▸ **Collected data**

"""

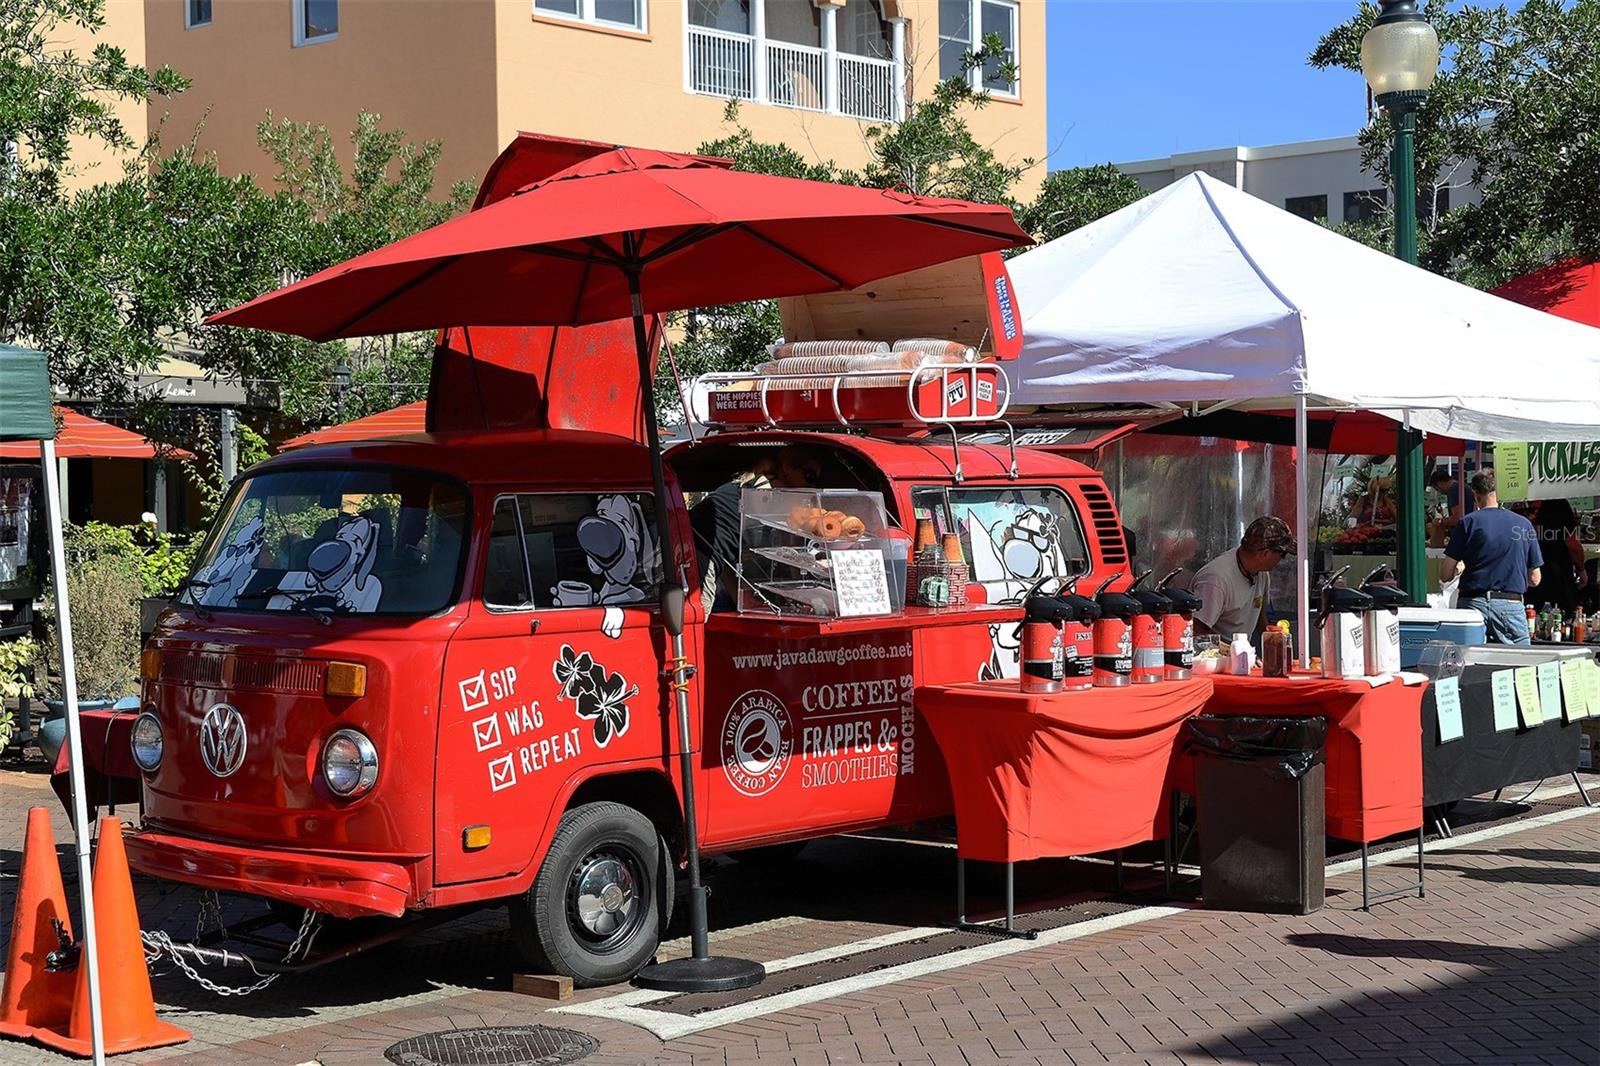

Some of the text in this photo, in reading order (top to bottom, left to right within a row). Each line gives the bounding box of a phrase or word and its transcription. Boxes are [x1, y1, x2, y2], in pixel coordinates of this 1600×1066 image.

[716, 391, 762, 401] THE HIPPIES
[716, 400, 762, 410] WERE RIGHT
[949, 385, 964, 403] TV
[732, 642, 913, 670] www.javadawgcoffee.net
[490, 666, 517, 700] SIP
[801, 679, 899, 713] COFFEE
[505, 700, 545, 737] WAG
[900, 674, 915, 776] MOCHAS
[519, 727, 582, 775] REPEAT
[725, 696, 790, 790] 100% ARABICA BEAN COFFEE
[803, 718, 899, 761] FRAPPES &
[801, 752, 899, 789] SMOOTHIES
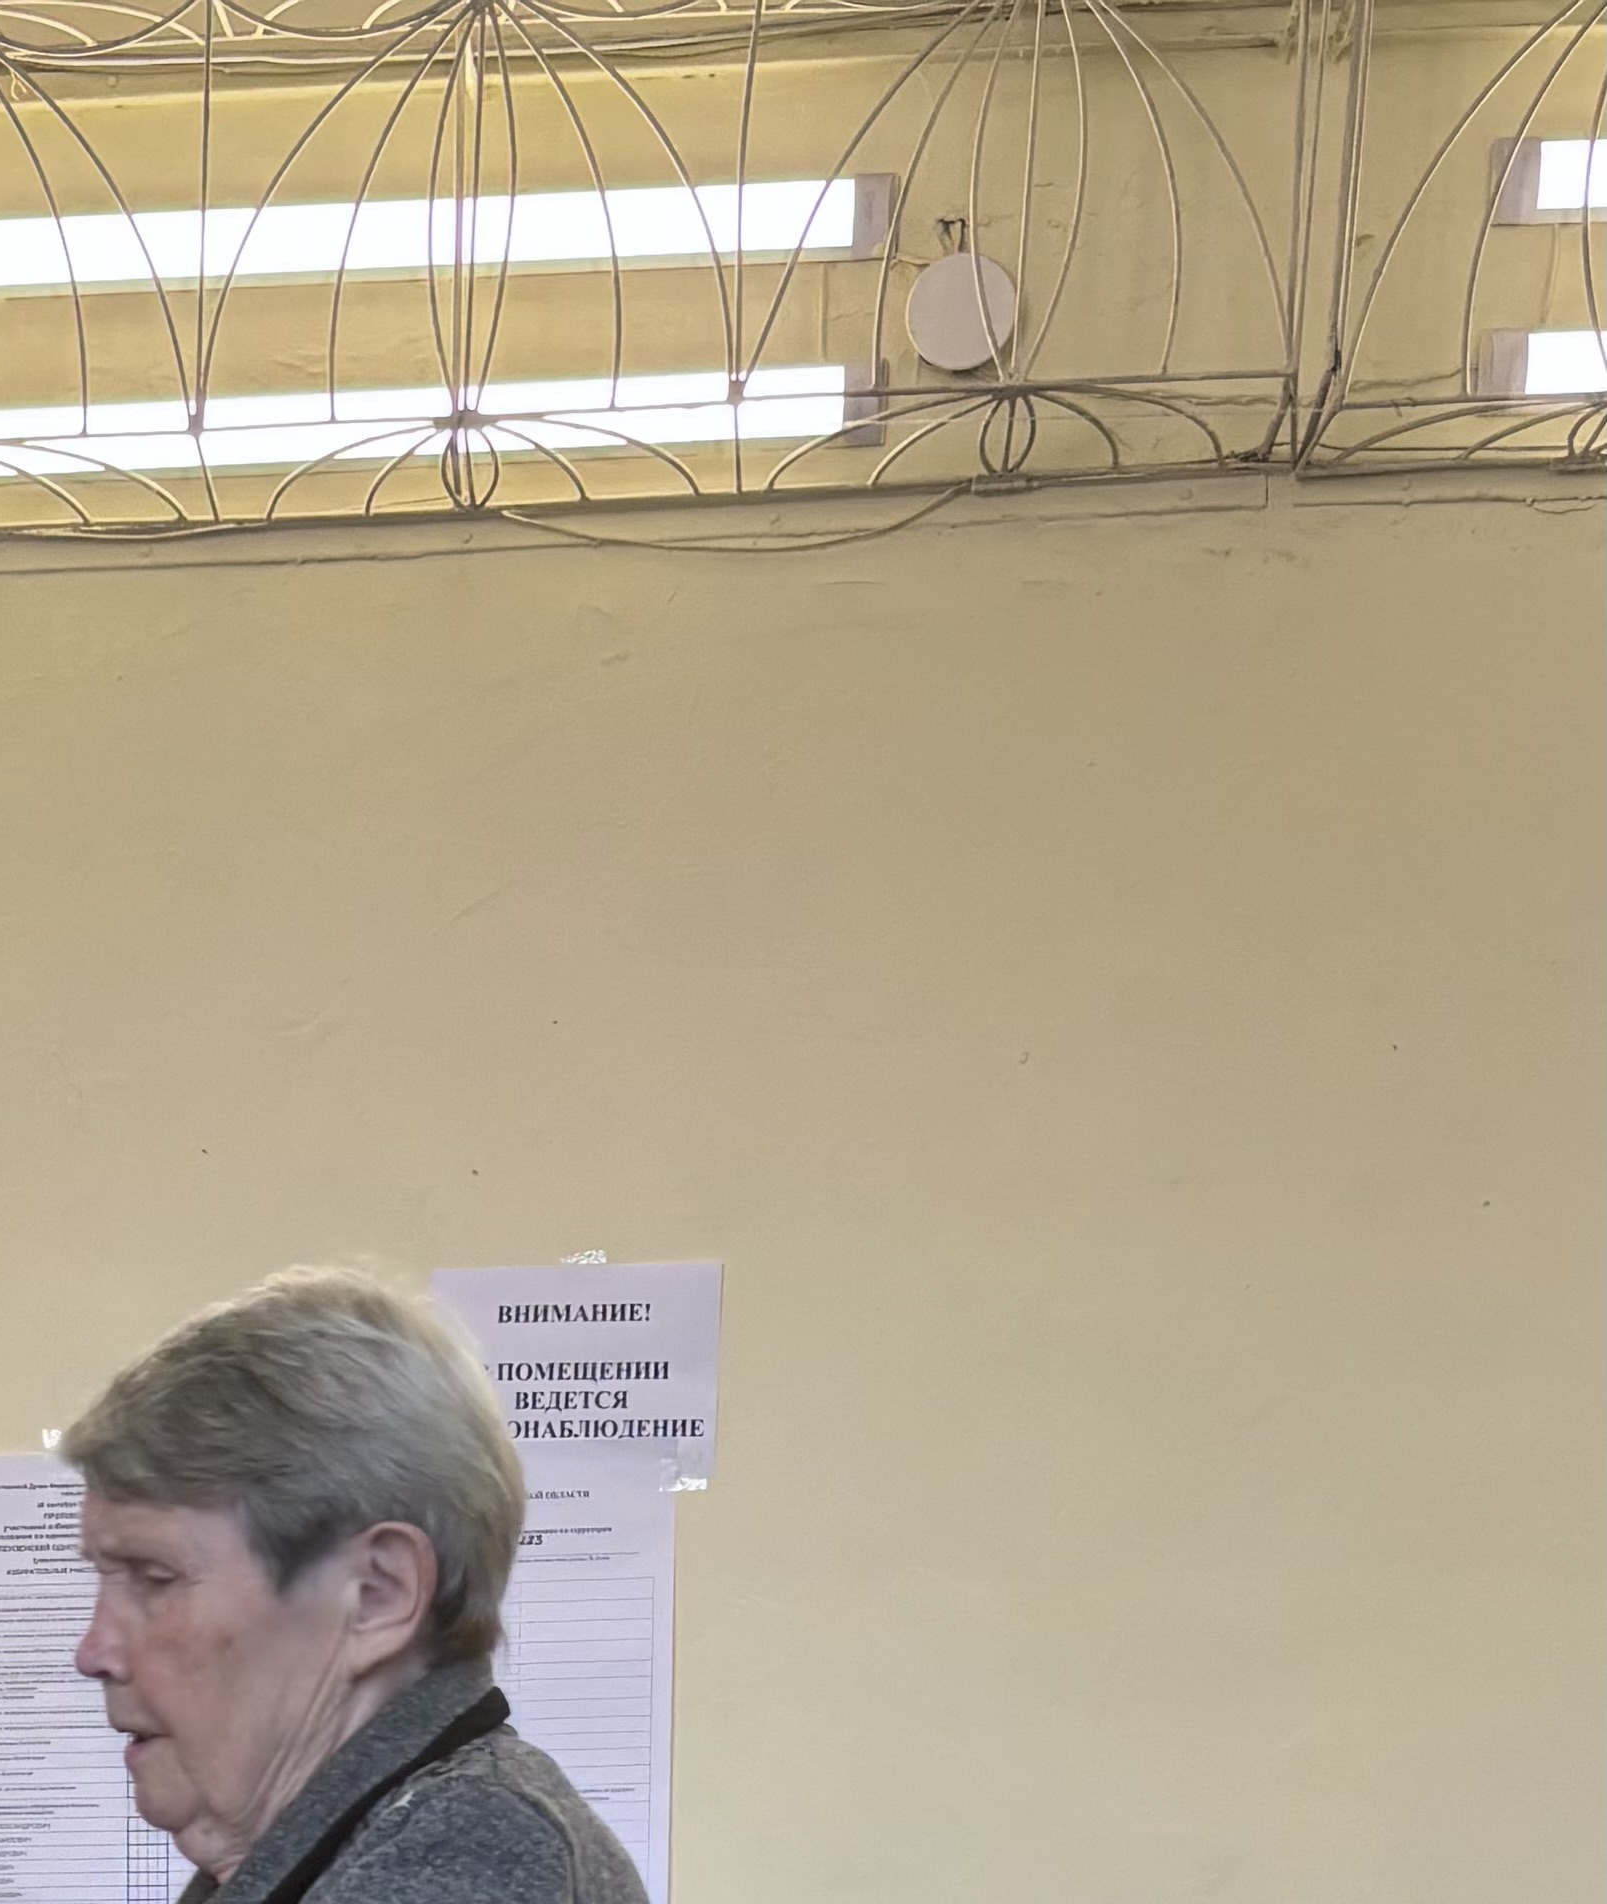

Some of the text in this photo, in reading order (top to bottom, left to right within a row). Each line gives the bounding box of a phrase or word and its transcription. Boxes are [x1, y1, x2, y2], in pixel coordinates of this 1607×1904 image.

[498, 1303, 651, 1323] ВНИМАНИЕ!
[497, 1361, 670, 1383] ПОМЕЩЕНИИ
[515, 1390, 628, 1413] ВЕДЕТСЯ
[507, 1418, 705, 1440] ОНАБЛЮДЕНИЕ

"""

▸ **ASSIGNMENT**
Repeat the data word for word. Images are not part of the copy.

▸ **EXPECTED ANSWER**
Some of the text in this photo, in reading order (top to bottom, left to right within a row). Each line gives the bounding box of a phrase or word and its transcription. Boxes are [x1, y1, x2, y2], in pixel coordinates of this 1600×1066 image.

[716, 391, 762, 401] THE HIPPIES
[716, 400, 762, 410] WERE RIGHT
[949, 385, 964, 403] TV
[732, 642, 913, 670] www.javadawgcoffee.net
[490, 666, 517, 700] SIP
[801, 679, 899, 713] COFFEE
[505, 700, 545, 737] WAG
[900, 674, 915, 776] MOCHAS
[519, 727, 582, 775] REPEAT
[725, 696, 790, 790] 100% ARABICA BEAN COFFEE
[803, 718, 899, 761] FRAPPES &
[801, 752, 899, 789] SMOOTHIES

Some of the text in this photo, in reading order (top to bottom, left to right within a row). Each line gives the bounding box of a phrase or word and its transcription. Boxes are [x1, y1, x2, y2], in pixel coordinates of this 1607×1904 image.

[498, 1303, 651, 1323] ВНИМАНИЕ!
[497, 1361, 670, 1383] ПОМЕЩЕНИИ
[515, 1390, 628, 1413] ВЕДЕТСЯ
[507, 1418, 705, 1440] ОНАБЛЮДЕНИЕ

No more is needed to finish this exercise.